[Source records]
▼
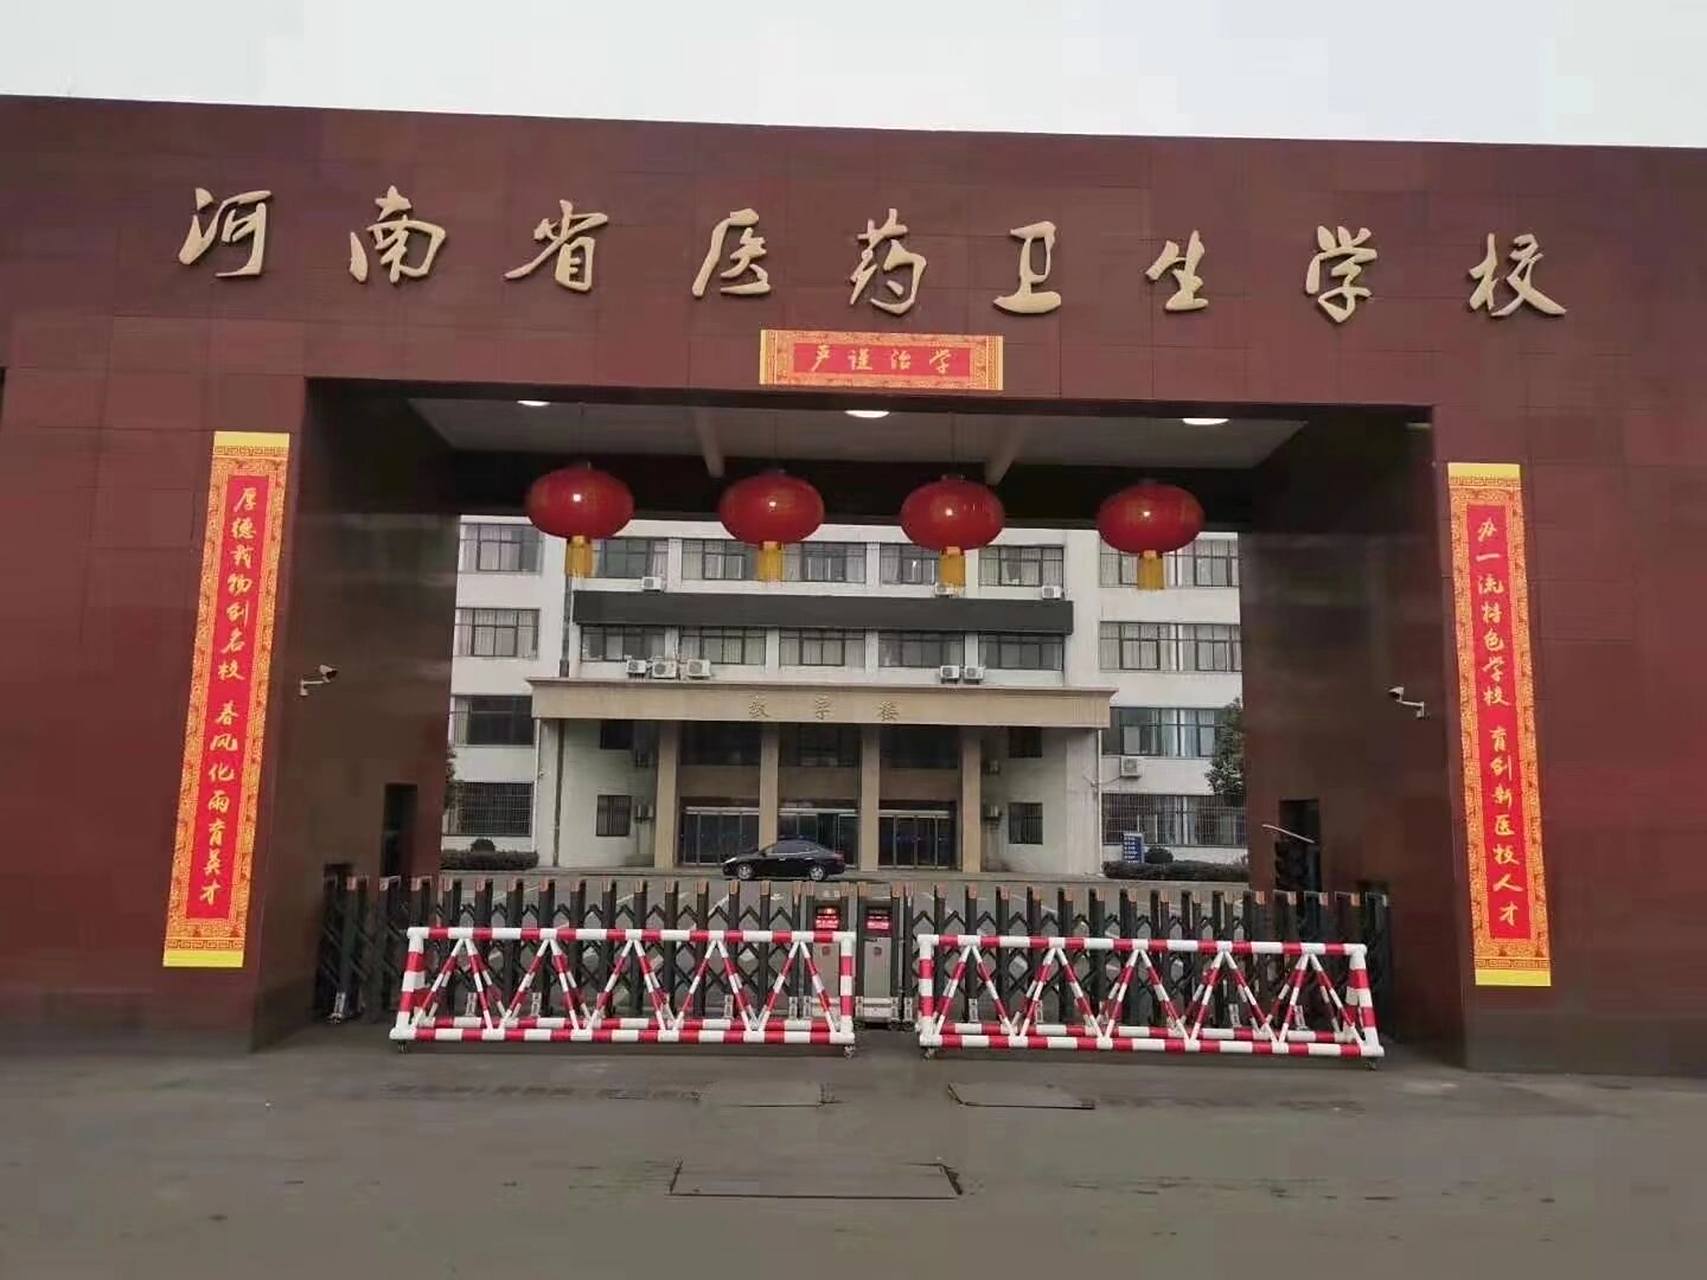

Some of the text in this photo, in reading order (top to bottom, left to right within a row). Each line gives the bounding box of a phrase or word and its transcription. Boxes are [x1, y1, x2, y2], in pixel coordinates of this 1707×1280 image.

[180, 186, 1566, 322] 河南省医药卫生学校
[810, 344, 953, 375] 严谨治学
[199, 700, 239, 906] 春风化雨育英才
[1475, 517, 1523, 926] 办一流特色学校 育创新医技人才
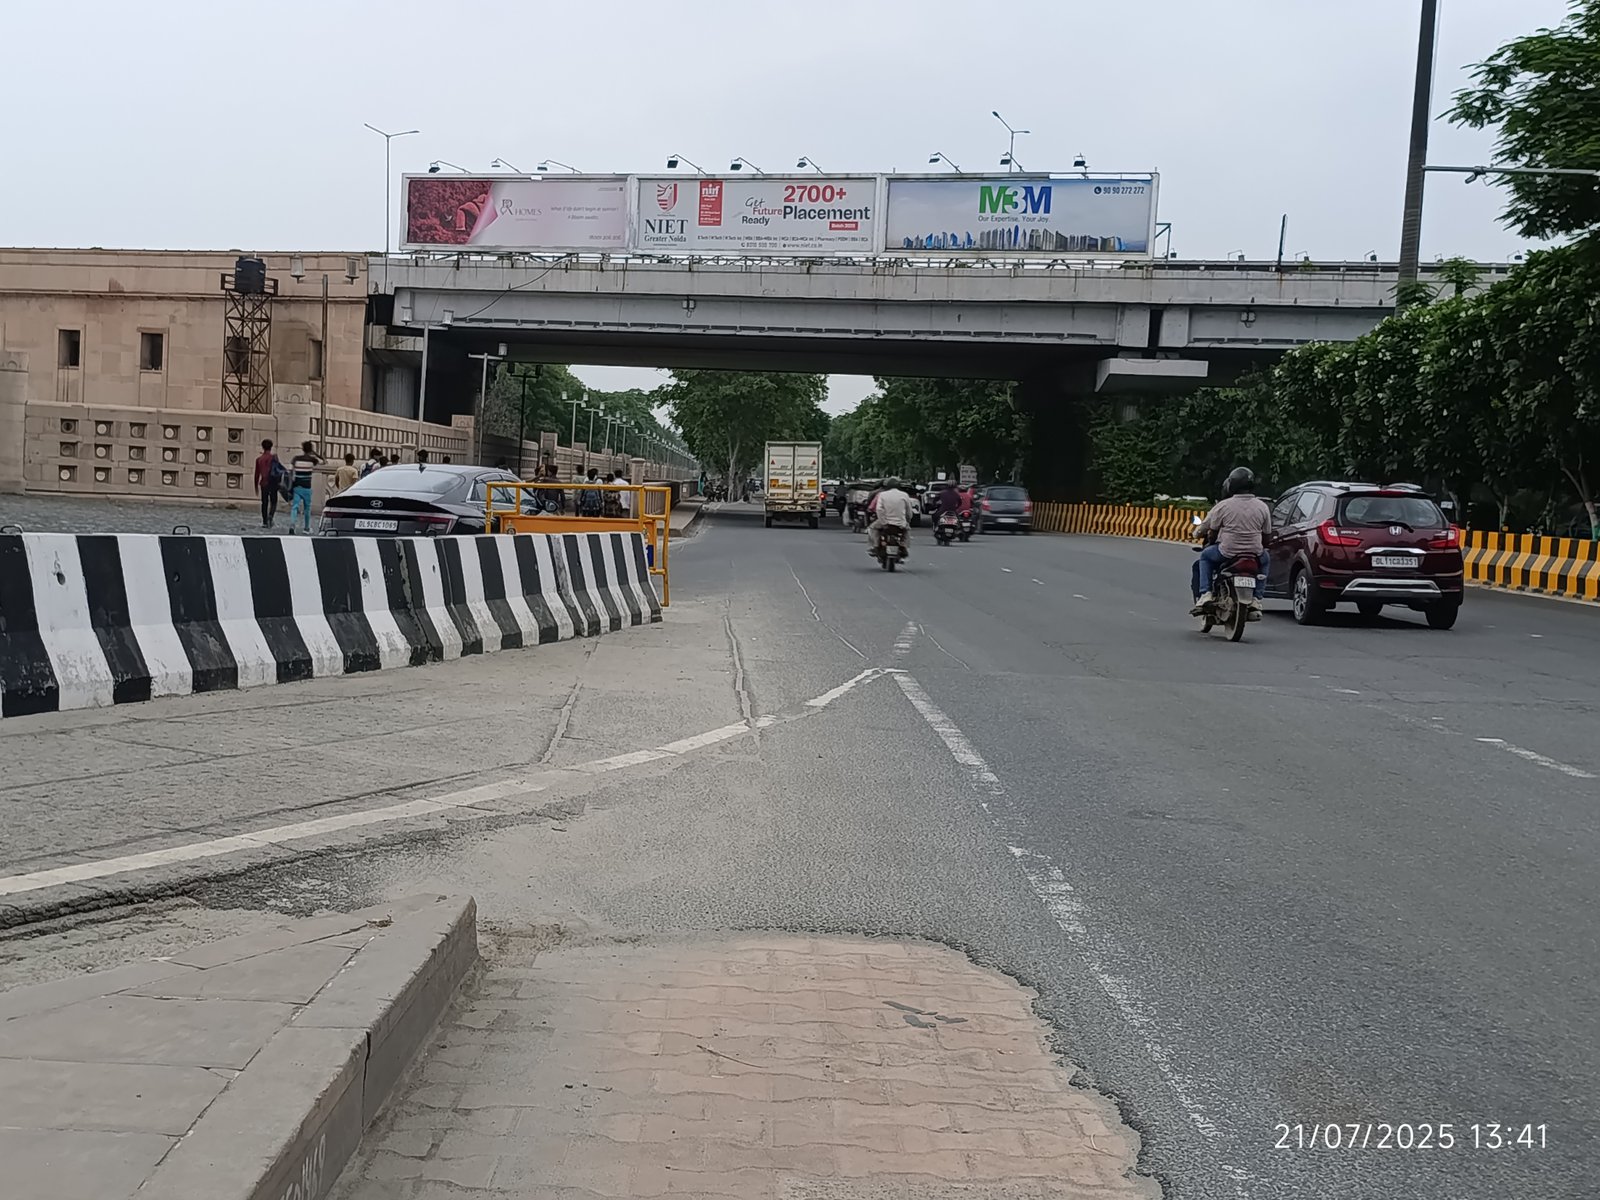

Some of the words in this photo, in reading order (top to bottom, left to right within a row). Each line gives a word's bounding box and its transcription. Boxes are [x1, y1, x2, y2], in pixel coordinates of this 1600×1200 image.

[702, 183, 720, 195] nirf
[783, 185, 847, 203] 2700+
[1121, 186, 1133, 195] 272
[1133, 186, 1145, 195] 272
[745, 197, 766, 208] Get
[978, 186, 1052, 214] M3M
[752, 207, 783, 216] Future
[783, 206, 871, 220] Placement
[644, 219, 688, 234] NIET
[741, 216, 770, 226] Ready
▲
#### EXERCISE AIM:
Locate "Some of the words" in the data above. Then repeat, exactly, its line and each line after it through the last, adding nothing.

#### RESPONSE AREA:
Some of the words in this photo, in reading order (top to bottom, left to right within a row). Each line gives a word's bounding box and its transcription. Boxes are [x1, y1, x2, y2], in pixel coordinates of this 1600×1200 image.

[702, 183, 720, 195] nirf
[783, 185, 847, 203] 2700+
[1121, 186, 1133, 195] 272
[1133, 186, 1145, 195] 272
[745, 197, 766, 208] Get
[978, 186, 1052, 214] M3M
[752, 207, 783, 216] Future
[783, 206, 871, 220] Placement
[644, 219, 688, 234] NIET
[741, 216, 770, 226] Ready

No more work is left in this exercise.